American startup Czinger shocked the automotive world in early 2020 when it unveiled the 21C, a 3D-printed hybrid hypercar with a central driving position and performance on the same level as cars coming from the likes of SSC and Koenigsegg.
On Tuesday, the Los Angeles-based company unveiled the production-ready 21C and it’s even wilder than before.
The 21C’s track has been widened to 80.7 inches for production, with the extra width requiring new designs for the fenders and front and rear fascias. Incredibly, weight has also been reduced, with the dry figure decreasing from 2,755 to 2,733 pounds.
The standard power rating remains unchanged at 1,233 hp, but a new power upgrade is being offered that can boost the output to 1,331 hp. The power is courtesy of a sophisticated powertrain that consists of a bespoke 2.88-liter twin-turbocharged V-8 and trio of electric motors. Two of the motors power the front wheels while the V-8, which features a flat-plane crank design, powers the rear pair via a 7-speed automated manual transmission. The third electric motor is mated to the V-8 and acts as a generator. It ensures the vehicle’s pair of fast-charging lithium-titanate batteries are always topped up.

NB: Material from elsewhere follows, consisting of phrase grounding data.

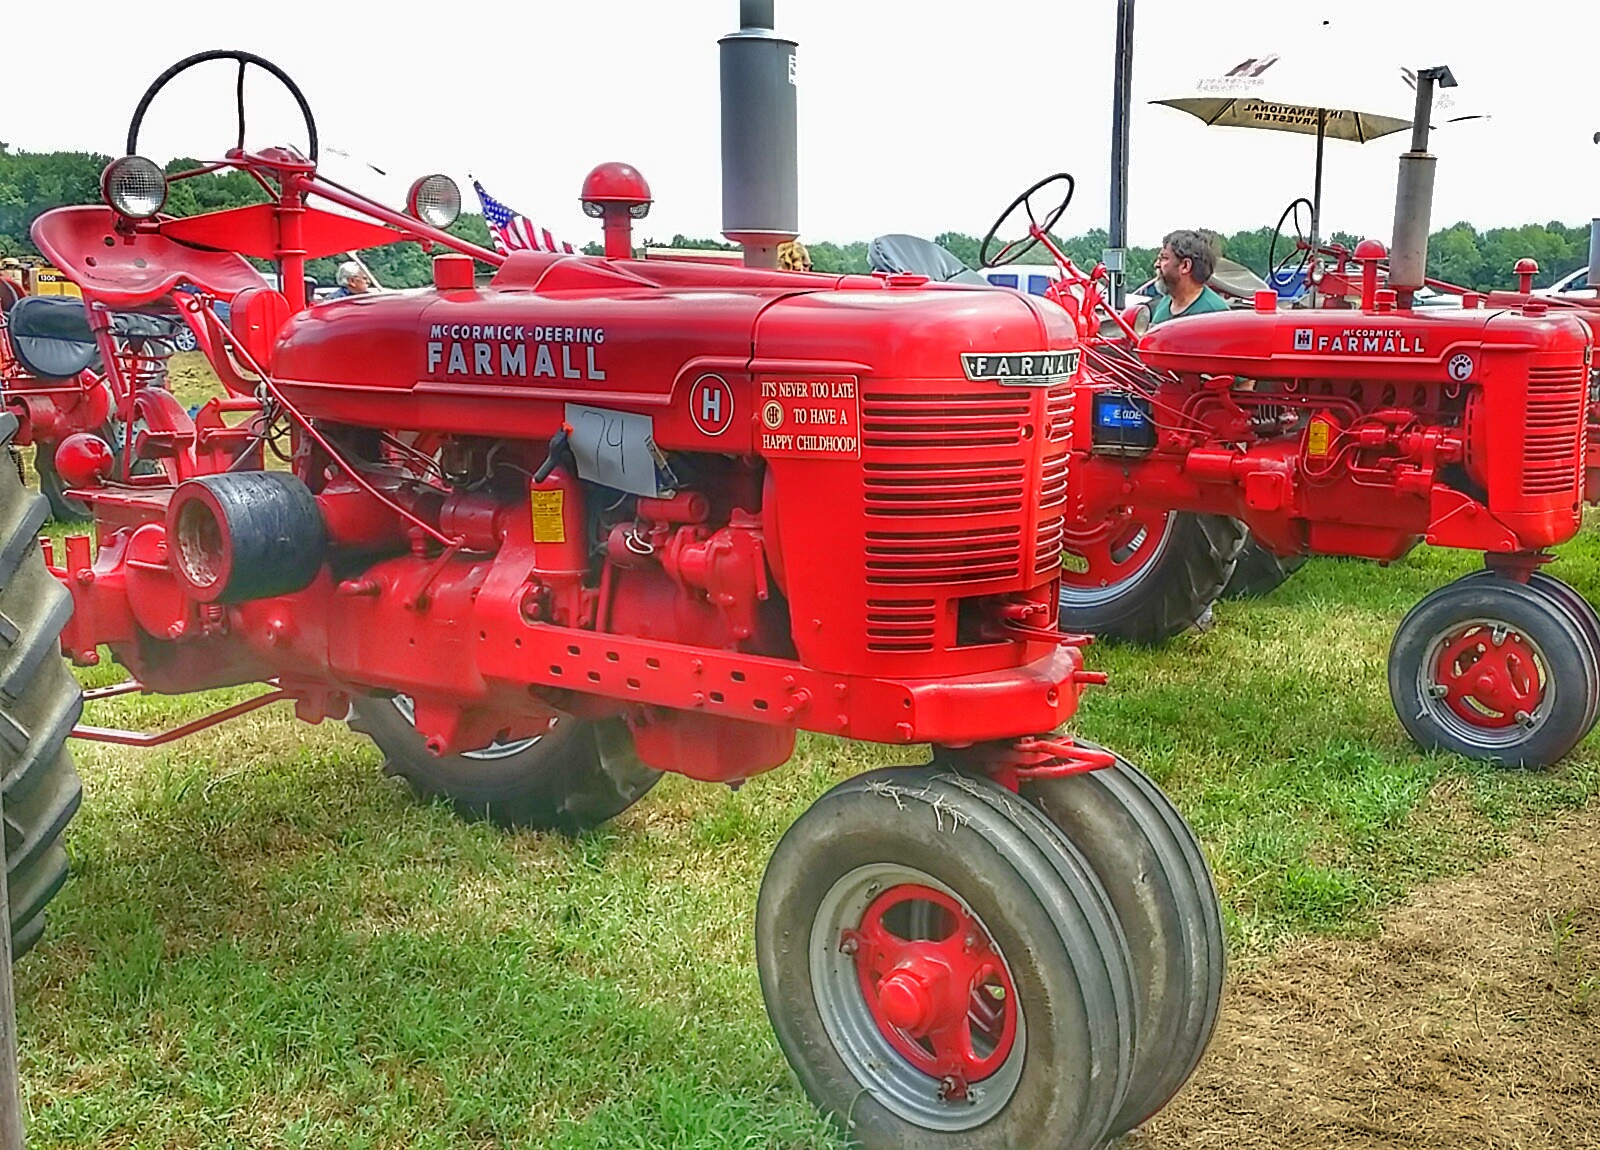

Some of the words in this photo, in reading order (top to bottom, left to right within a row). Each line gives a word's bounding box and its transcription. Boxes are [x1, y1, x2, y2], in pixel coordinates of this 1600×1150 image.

[1318, 337, 1425, 353] FARMALL
[427, 342, 606, 380] FARMALL
[1454, 362, 1467, 379] C
[761, 382, 776, 397] IT'S
[779, 382, 808, 398] NEVER
[811, 383, 829, 398] TOO
[831, 383, 854, 398] LATE
[702, 387, 721, 422] H
[793, 409, 807, 424] TO
[810, 409, 836, 424] HAVE
[839, 410, 848, 425] A
[581, 410, 626, 476] 74
[762, 435, 794, 450] HAPPY
[796, 435, 857, 452] CHILDHOOD!
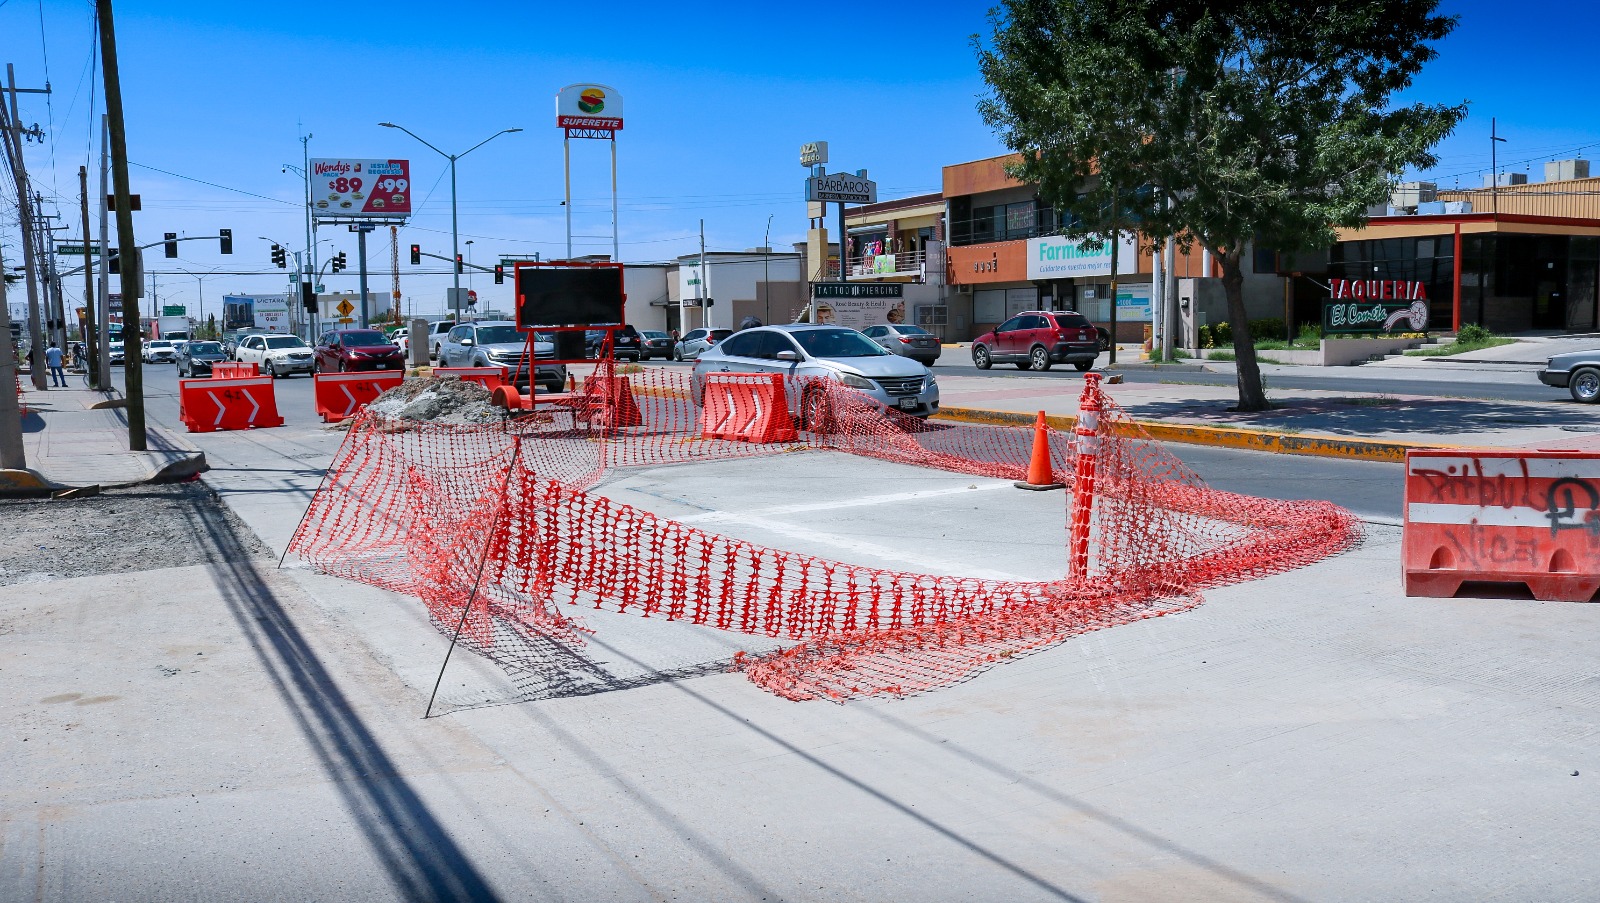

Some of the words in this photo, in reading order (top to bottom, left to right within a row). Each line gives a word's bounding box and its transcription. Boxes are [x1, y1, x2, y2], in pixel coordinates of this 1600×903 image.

[562, 117, 620, 127] SUPERETTE
[314, 160, 351, 175] Wendy's
[328, 177, 363, 193] $89
[378, 178, 408, 193] $99
[817, 179, 870, 193] BÁRBAROS
[817, 286, 850, 295] TATTOO
[861, 286, 899, 295] PIERCING
[1328, 278, 1427, 303] TAQUERIA
[1331, 303, 1346, 326] El
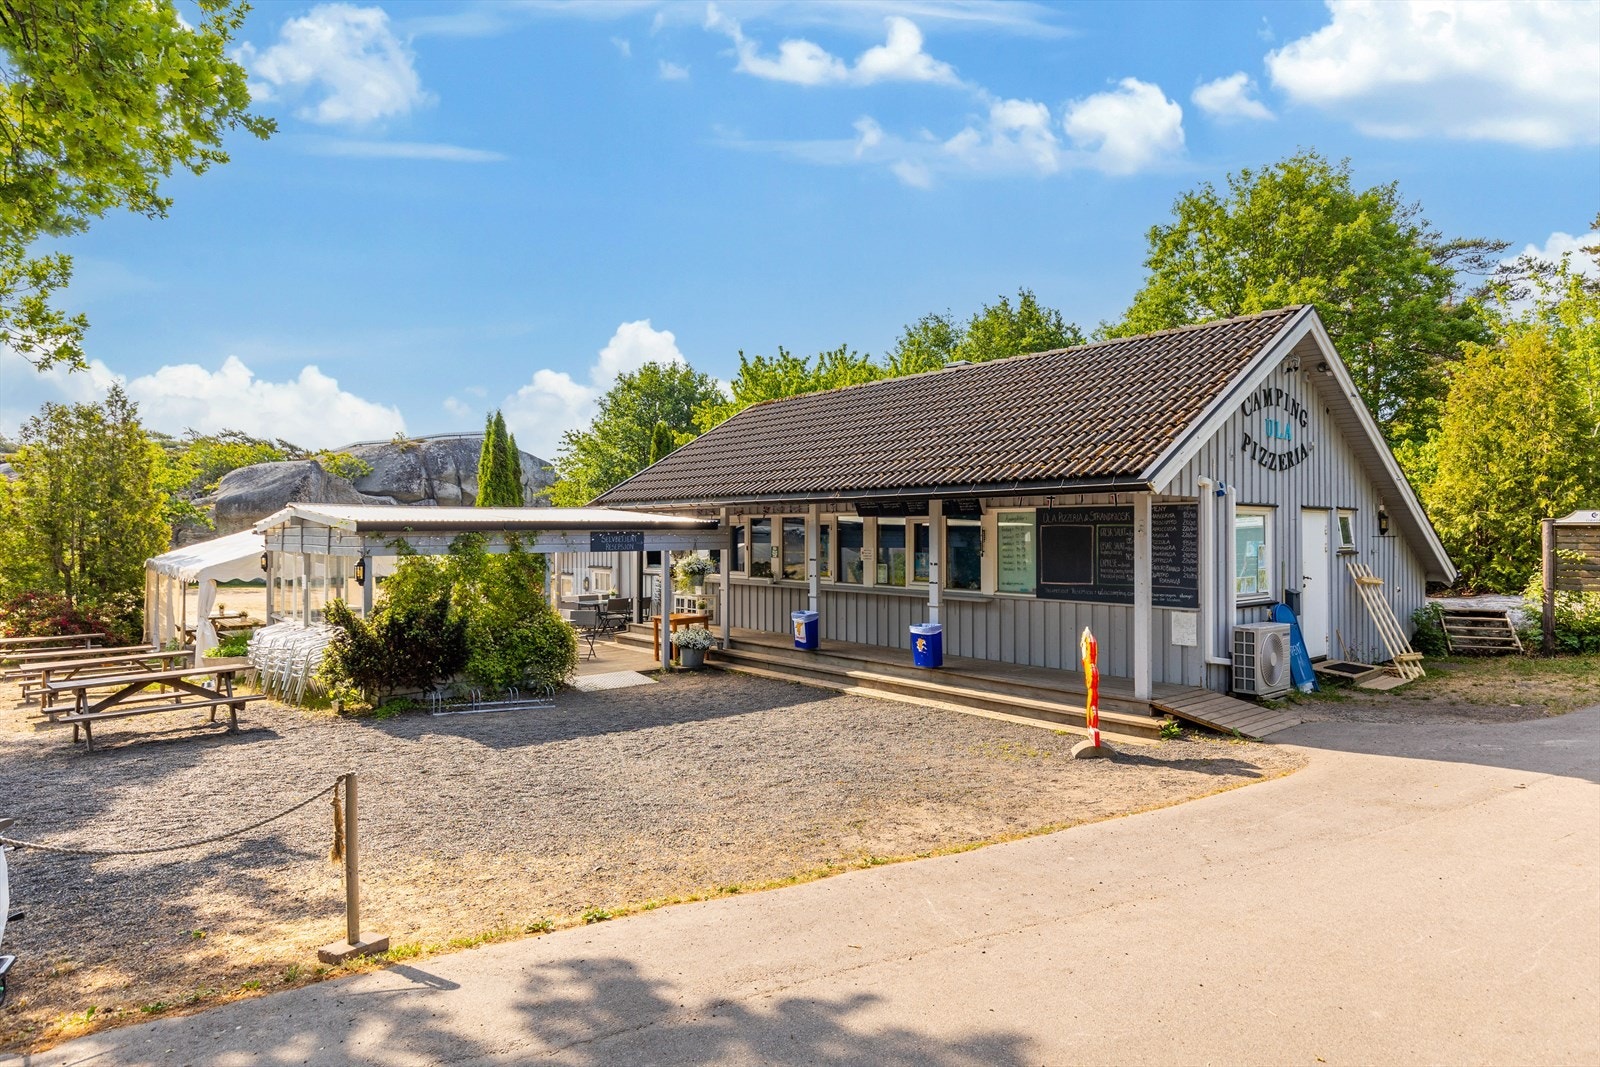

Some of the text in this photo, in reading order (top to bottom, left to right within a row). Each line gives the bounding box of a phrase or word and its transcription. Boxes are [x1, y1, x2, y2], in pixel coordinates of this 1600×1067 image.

Claimed performance specs include a 0-62 mph time of 1.9 seconds, a quarter-mile time of 8.1 seconds, and a top speed of 281 mph (with an available low-drag configuration). Those figures are better than what Rimac has claimed for its Nevera electric hypercar, and that top speed is just shy of the current record for production cars, the 282.9 mph set by the SSC Tuatara in January.
Other claimed performance specs include 0-186 mph acceleration in 8.5 seconds, 0-248-0 mph acceleration in 27.2 seconds, and 1,355 pounds of downforce at just 100 mph.
Czinger plans to build just 80 examples of the 21C and the first example is expected to be delivered later in 2021. Production will be handled at a facility in L.A., with the process doing away with tooling, assembly lines, and all the other expensive trappings of traditional automotive manufacturing.
Almost all of the metal components—aluminum, titanium, and Inconel (a heat-resistant material originally developed for use in the aerospace industry)—are 3D-printed while composite body parts are formed in molds. And instead of mating components together on a traditional assembly line, everything is done by robots in one central location.
At the 21C’s reveal last year, the company announced a starting price of $1.7 million. It isn’t clear if this figure has changed in the time since. Also at the 21C’s reveal, Czinger CEO and founder Kevin Czinger said the plan was to make the company a proper performance marque with multiple models.
Czinger is known to have at least three more models on the drawing board, with the first of these expected to arrive after 2023. These additional Czingers will be more attainable than the 21C but still exclusive offerings with extreme performance.